Tridimensional late gadolinium enhancement at 3 T cardiac magnetic resonance for the evaluation of coronary venous anatomy: feasibility and findings
DOI:
https://doi.org/10.53903/01212095.156Keywords:
Coronary vessels, Cicatrix, Magnetic resonance imaging, Cardiac imaging techniquesAbstract
Objective: Knowledge of coronary venous anatomy (CVA) has critical importance for planning and performing electrophysiological procedures such as cardiac resynchronization therapy (CRT), left ventricle and right atrium ablation therapy and catheter arrhythmia mapping. Our aim is to evaluate the feasibility and applications of cardiac magnetic resonance imaging (RMC) performed at 3T for non-invasive depiction of CVA employing a three-dimensional late gadolinium enhancement sequence (3D RTG).
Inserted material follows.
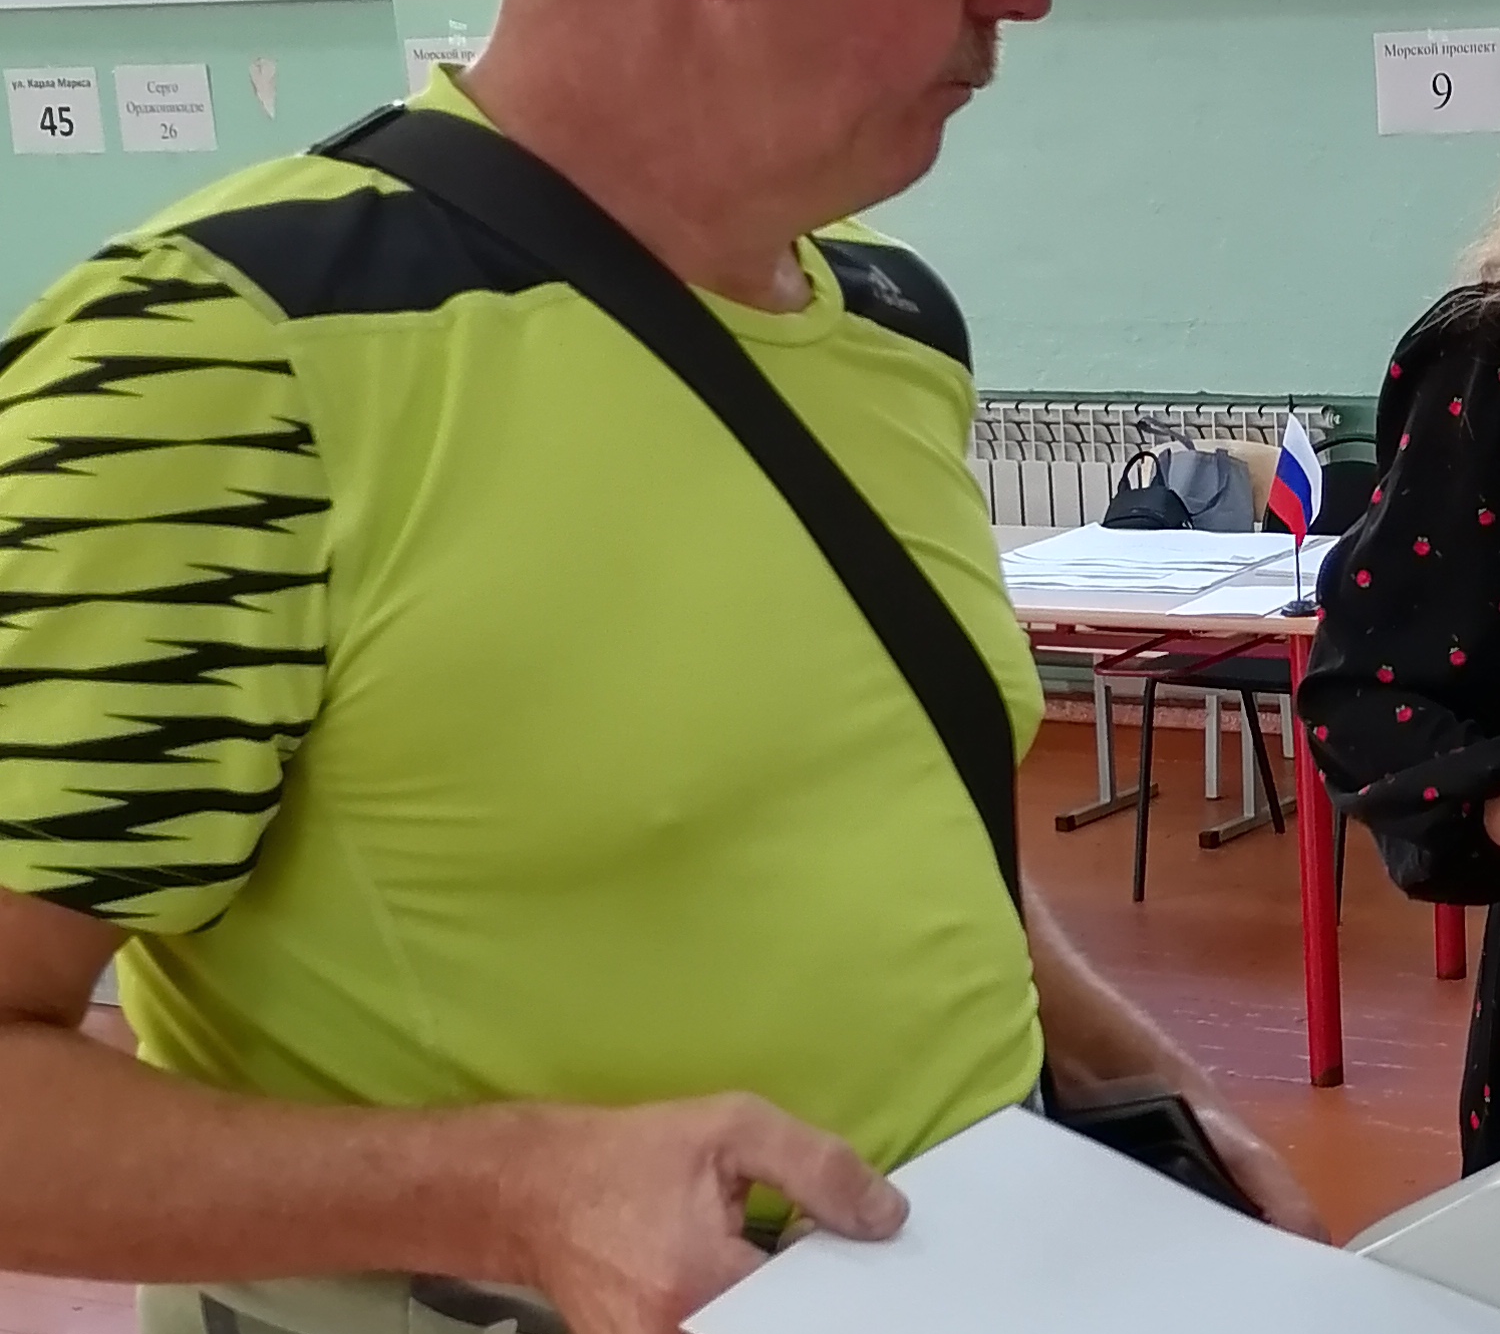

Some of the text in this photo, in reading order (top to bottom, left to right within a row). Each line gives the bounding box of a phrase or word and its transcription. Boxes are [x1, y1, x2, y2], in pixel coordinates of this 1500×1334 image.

Methods: 138 consecutive patients who underwent 3T RMC were evaluated using a 3D RTG sequence over a period of one year between 2016 and 2017. Identification of
different coronary venous structures as well as its relationship with myocardial fibrosis and other relevant clinical variables were recorded. Quality assessment was performed creating 3 groups (optimal, good, poor) according to visual assessment of each individual study. Association tests(Chi-square and Kruskall-Wallis) were performed. Results: The study included 62 women and
76 men with a median age of 48 (29-61) years. 3D RTG sequence yielded a diagnostic quality (optimal-good) for CVA evaluation in 76% of patients (p < 0.001). The following structures were identified (patients, %): anterior interventricular vein: 110 (79.7%), great cardiac vein: 109 (79%), posterior interventricular vein: 106 (76.8%), marginal vein: 53 patients (38.4%) and posterolateral vein: 74 (53.6%). Myocardial fibrosis was identified in 42 patients and epicardic fibrotic involvement of at least one coronary
vein path was recorded on 12% of patients on this subset. Shorter acquisition periods (p < 0.02) and performing the study under general anesthesia (p < 0.03) resulted in significantly better study quality. Conclusions: Non-invasive CVA evaluation is feasible with 3D RTG sequence obtained at 3T RMC. This approach may offer a valuable clinical tool for electrophysiological procedural planning.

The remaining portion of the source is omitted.